EXERCISE PROMPT> When you copy the material below, keep every line exact and omit the pictures.

___ RECORDS PROVIDED

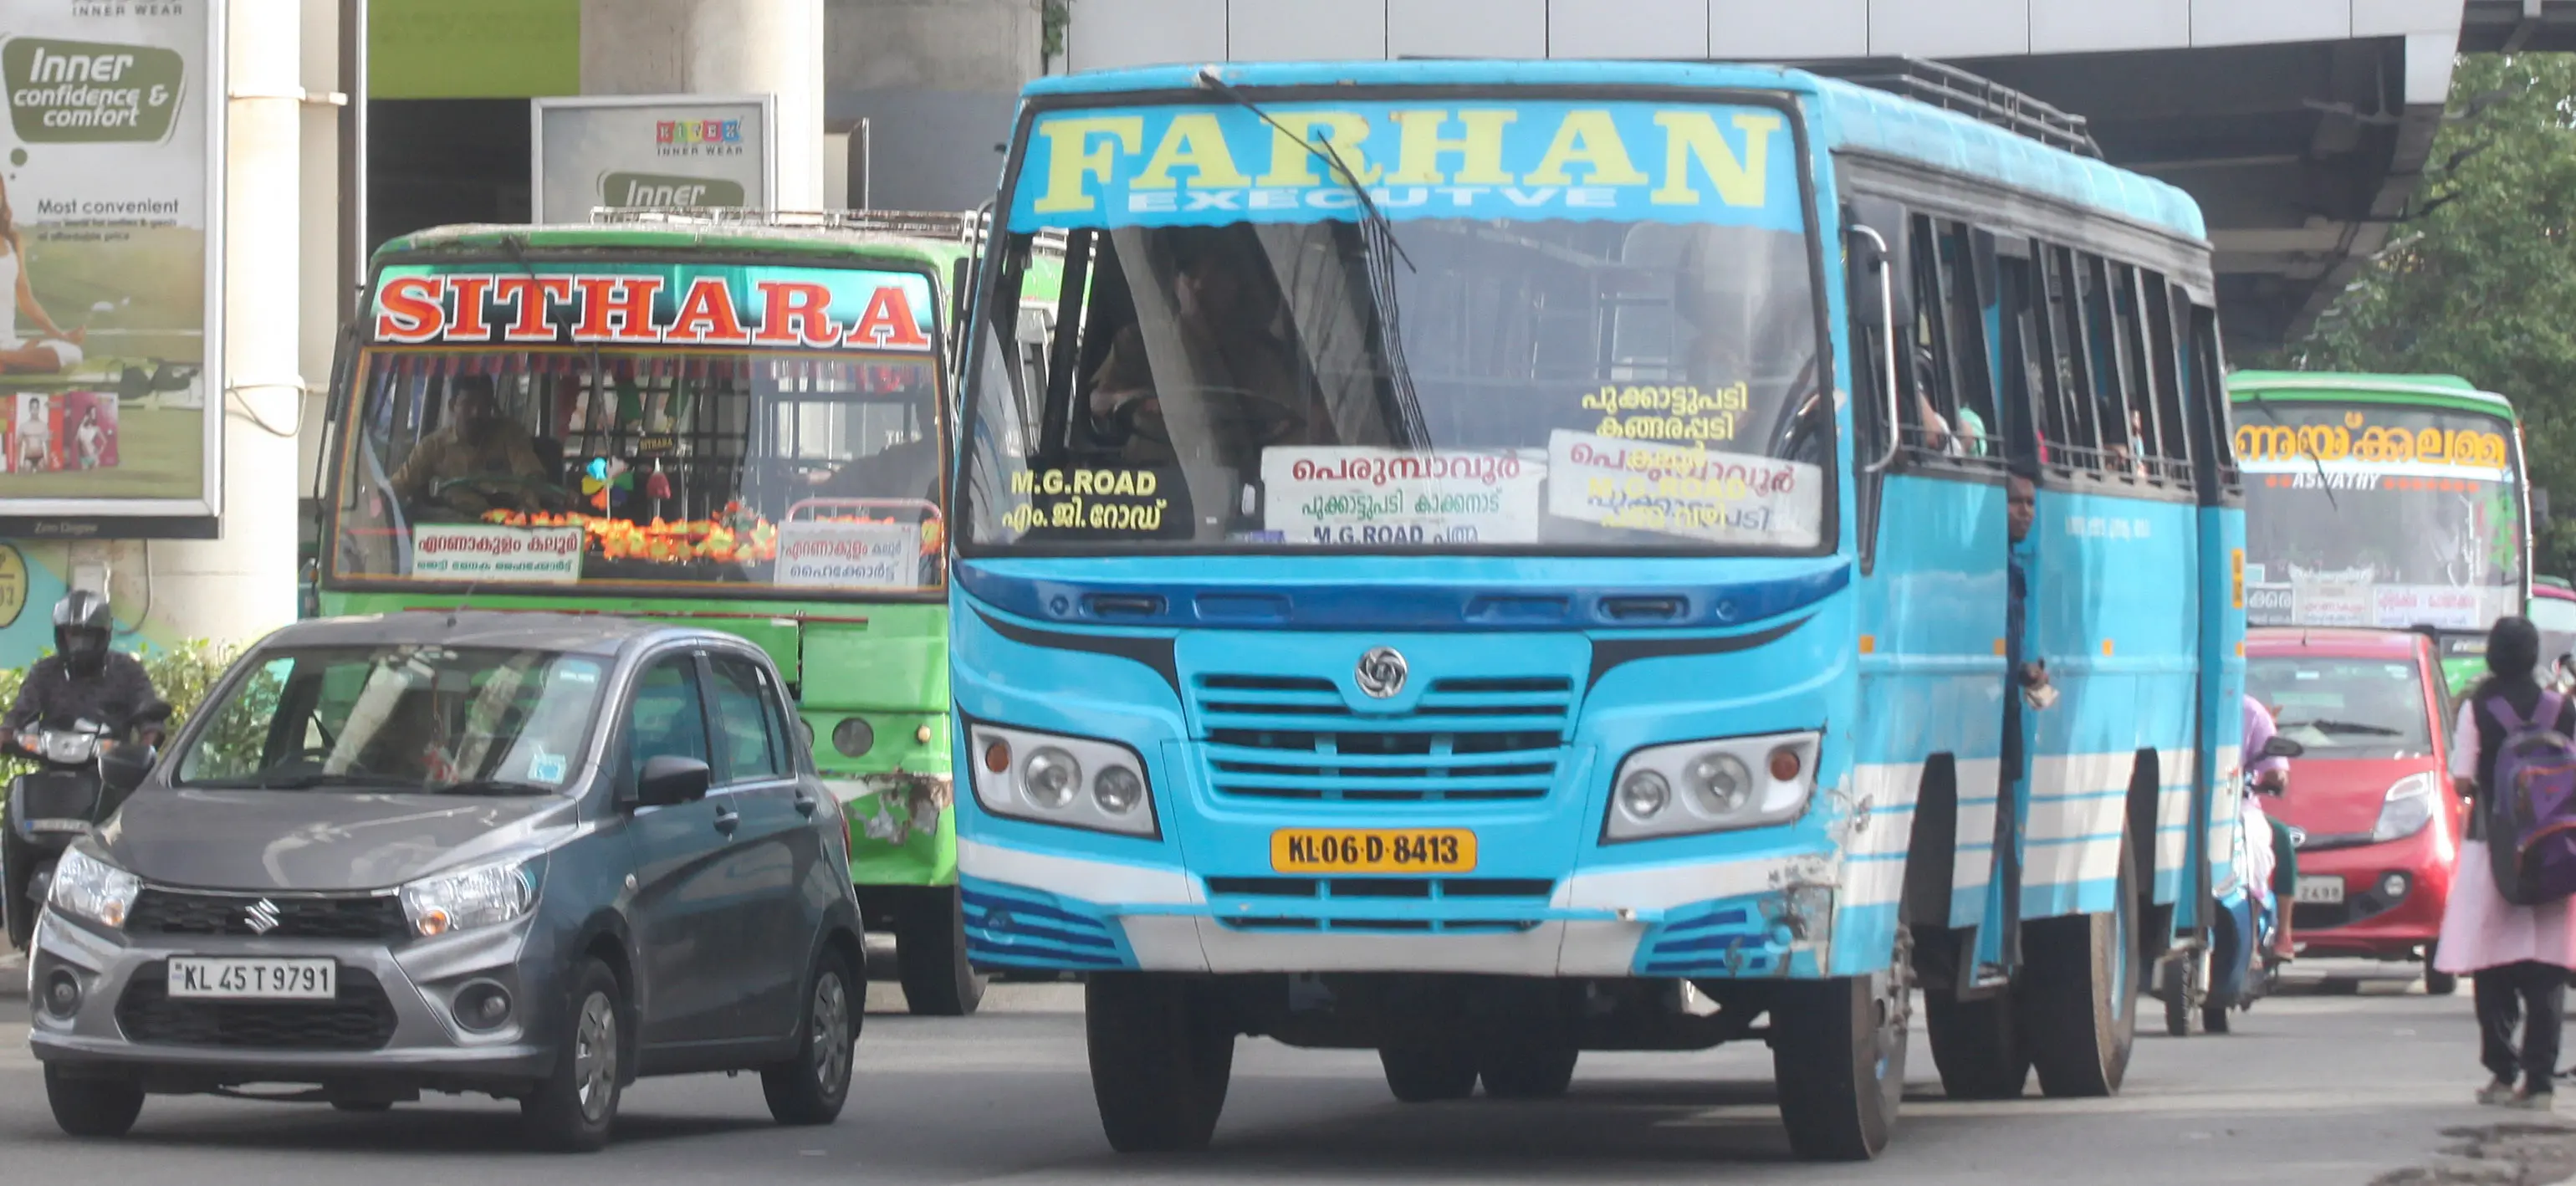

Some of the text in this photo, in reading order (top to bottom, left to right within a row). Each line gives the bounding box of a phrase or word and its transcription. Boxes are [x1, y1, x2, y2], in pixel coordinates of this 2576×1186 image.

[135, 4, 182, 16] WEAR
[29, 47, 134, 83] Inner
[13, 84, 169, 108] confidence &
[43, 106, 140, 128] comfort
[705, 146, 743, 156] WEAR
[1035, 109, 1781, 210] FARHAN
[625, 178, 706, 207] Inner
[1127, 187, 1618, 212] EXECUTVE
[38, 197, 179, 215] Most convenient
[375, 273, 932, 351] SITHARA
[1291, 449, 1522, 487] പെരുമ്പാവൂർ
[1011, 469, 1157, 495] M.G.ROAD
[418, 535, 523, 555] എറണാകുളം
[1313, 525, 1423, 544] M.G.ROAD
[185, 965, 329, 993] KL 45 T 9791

______

FINISHED EXERCISE>
Some of the text in this photo, in reading order (top to bottom, left to right within a row). Each line gives the bounding box of a phrase or word and its transcription. Boxes are [x1, y1, x2, y2], in pixel coordinates of this 2576×1186 image.

[135, 4, 182, 16] WEAR
[29, 47, 134, 83] Inner
[13, 84, 169, 108] confidence &
[43, 106, 140, 128] comfort
[705, 146, 743, 156] WEAR
[1035, 109, 1781, 210] FARHAN
[625, 178, 706, 207] Inner
[1127, 187, 1618, 212] EXECUTVE
[38, 197, 179, 215] Most convenient
[375, 273, 932, 351] SITHARA
[1291, 449, 1522, 487] പെരുമ്പാവൂർ
[1011, 469, 1157, 495] M.G.ROAD
[418, 535, 523, 555] എറണാകുളം
[1313, 525, 1423, 544] M.G.ROAD
[185, 965, 329, 993] KL 45 T 9791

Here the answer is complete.